| Task prompt |
If a record contains a picture, skip the picture and transcribe the rest exactly.

| Raw data |
Segment Open

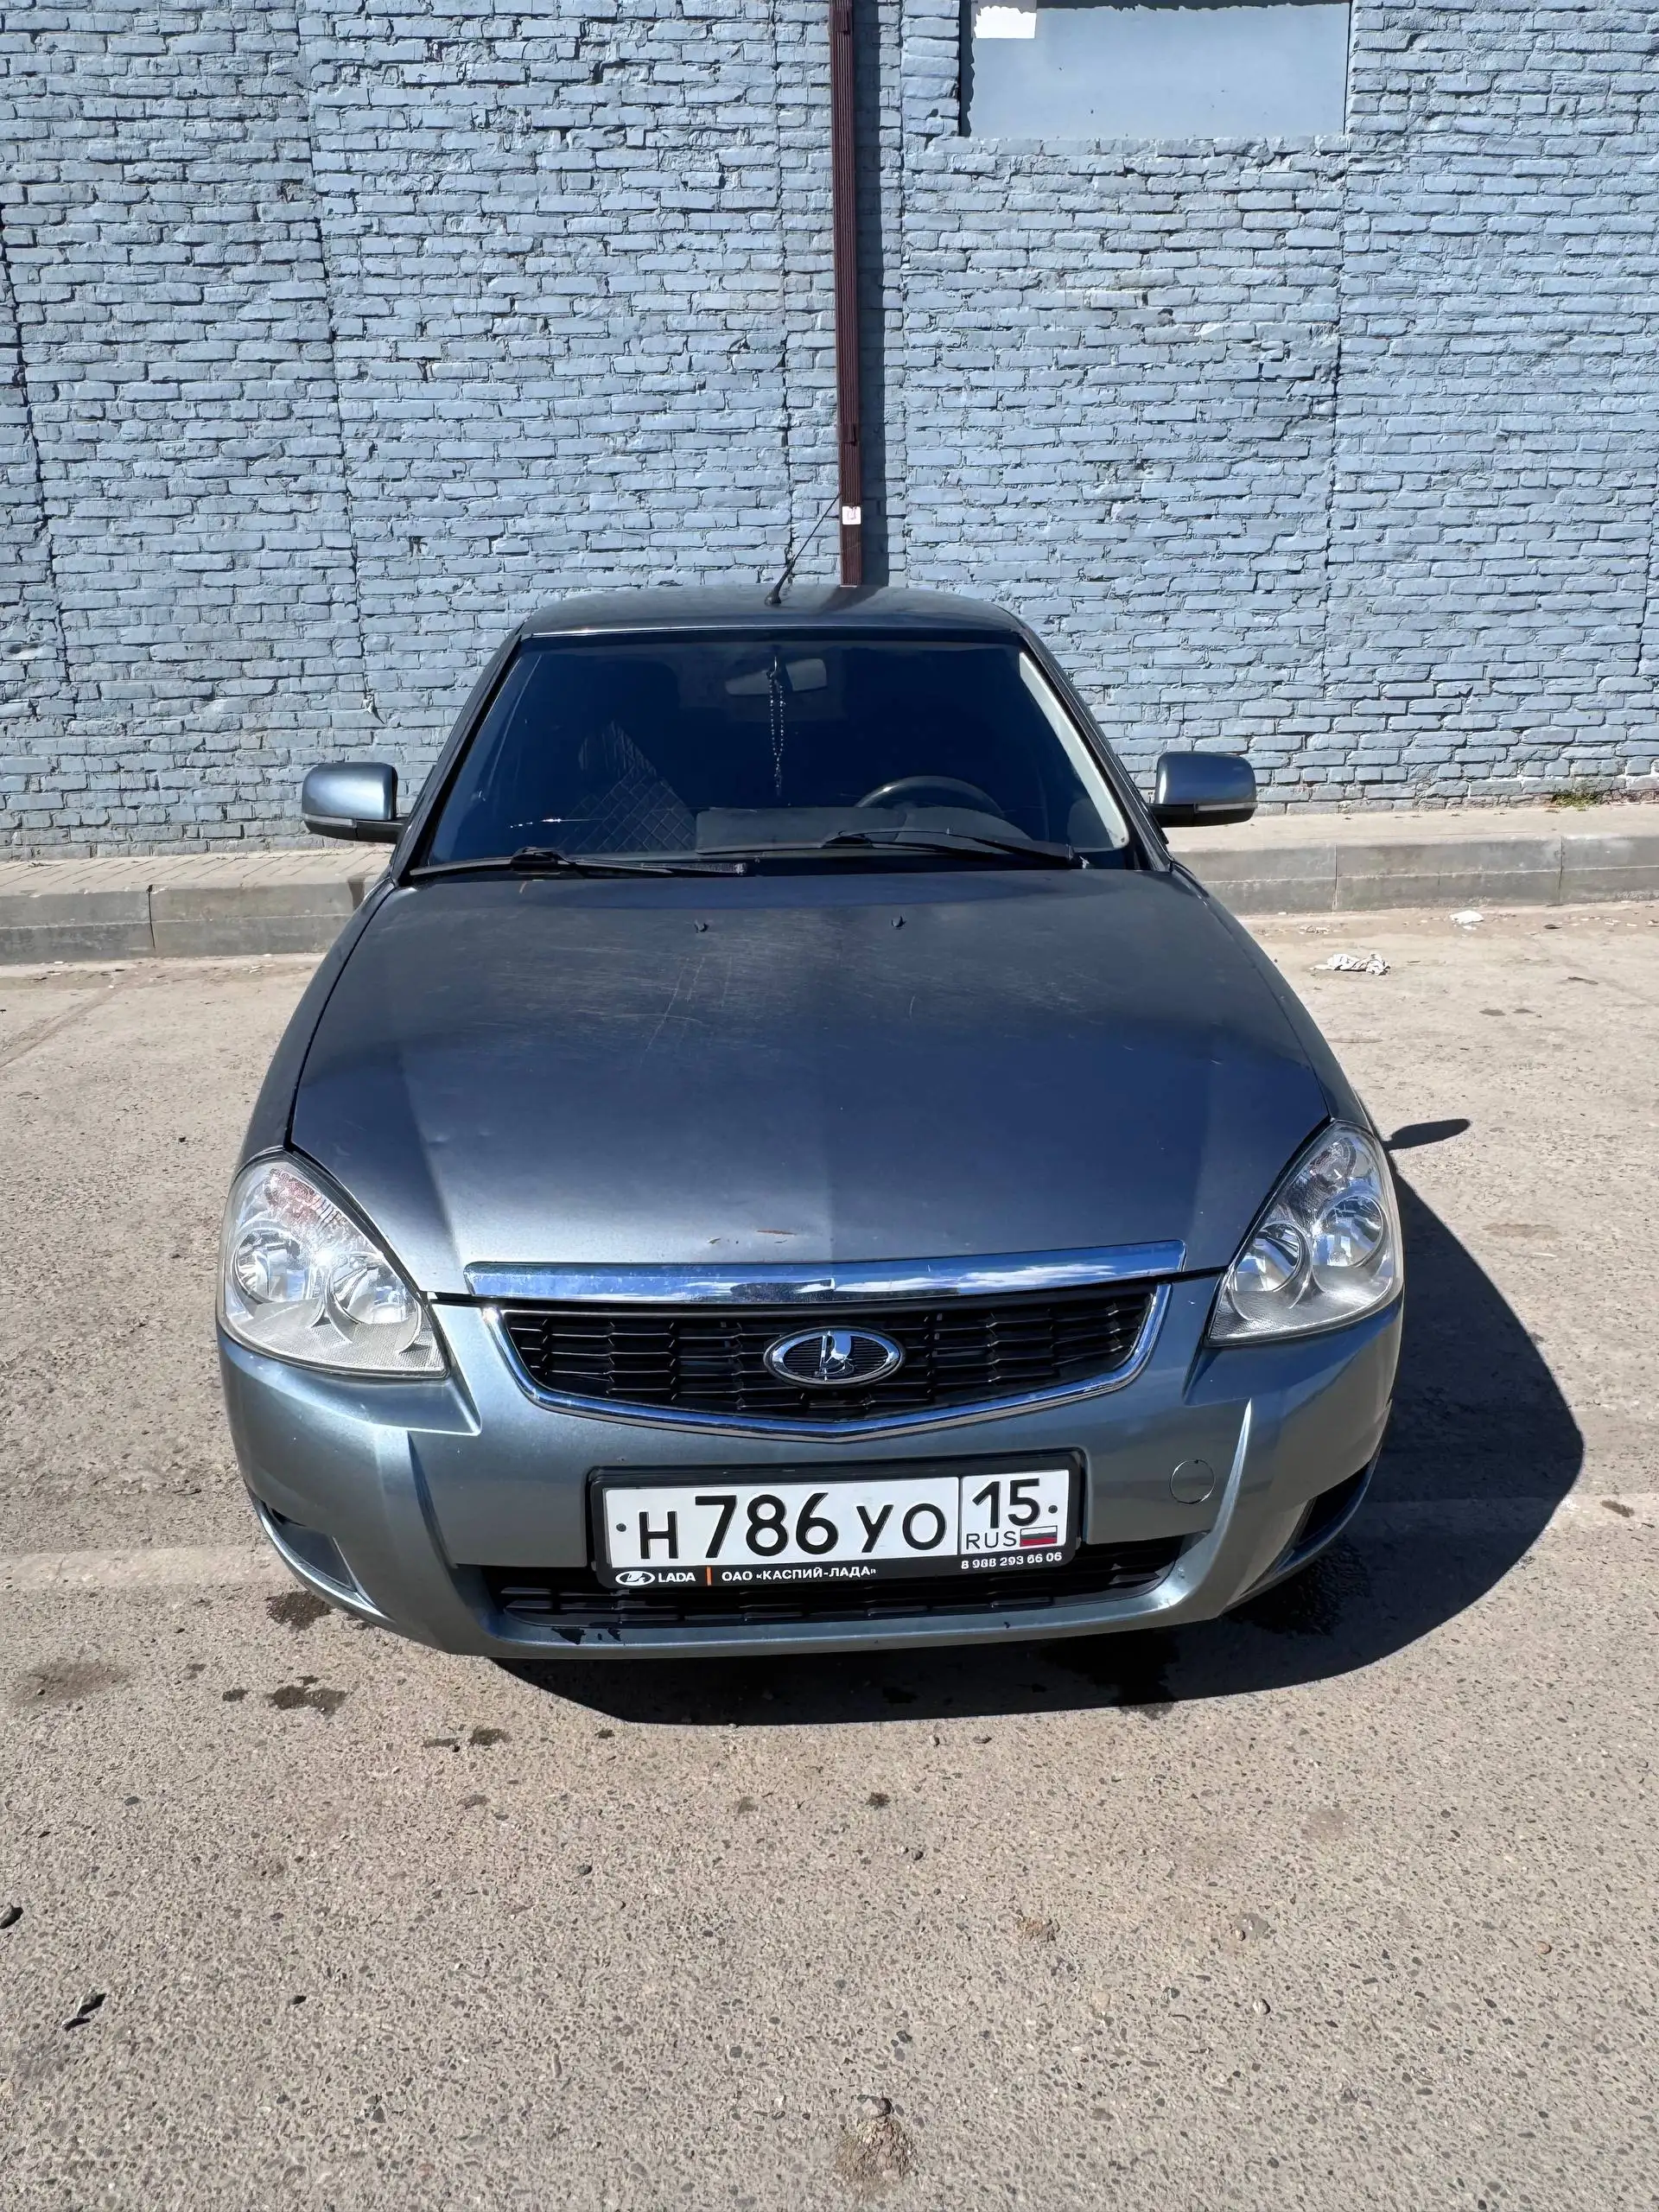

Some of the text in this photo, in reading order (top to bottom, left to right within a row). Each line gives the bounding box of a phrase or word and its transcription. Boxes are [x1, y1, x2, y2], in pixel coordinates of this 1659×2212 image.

[972, 1478, 1040, 1529] 15
[966, 1530, 1017, 1550] RUS
[961, 1560, 969, 1569] 8
[999, 1555, 1024, 1567] 293
[1046, 1551, 1063, 1562] 06
[658, 1572, 696, 1583] LADA
[721, 1571, 753, 1582] ОАО

Segment Closed

| Your solution |
Some of the text in this photo, in reading order (top to bottom, left to right within a row). Each line gives the bounding box of a phrase or word and its transcription. Boxes are [x1, y1, x2, y2], in pixel coordinates of this 1659×2212 image.

[972, 1478, 1040, 1529] 15
[966, 1530, 1017, 1550] RUS
[961, 1560, 969, 1569] 8
[999, 1555, 1024, 1567] 293
[1046, 1551, 1063, 1562] 06
[658, 1572, 696, 1583] LADA
[721, 1571, 753, 1582] ОАО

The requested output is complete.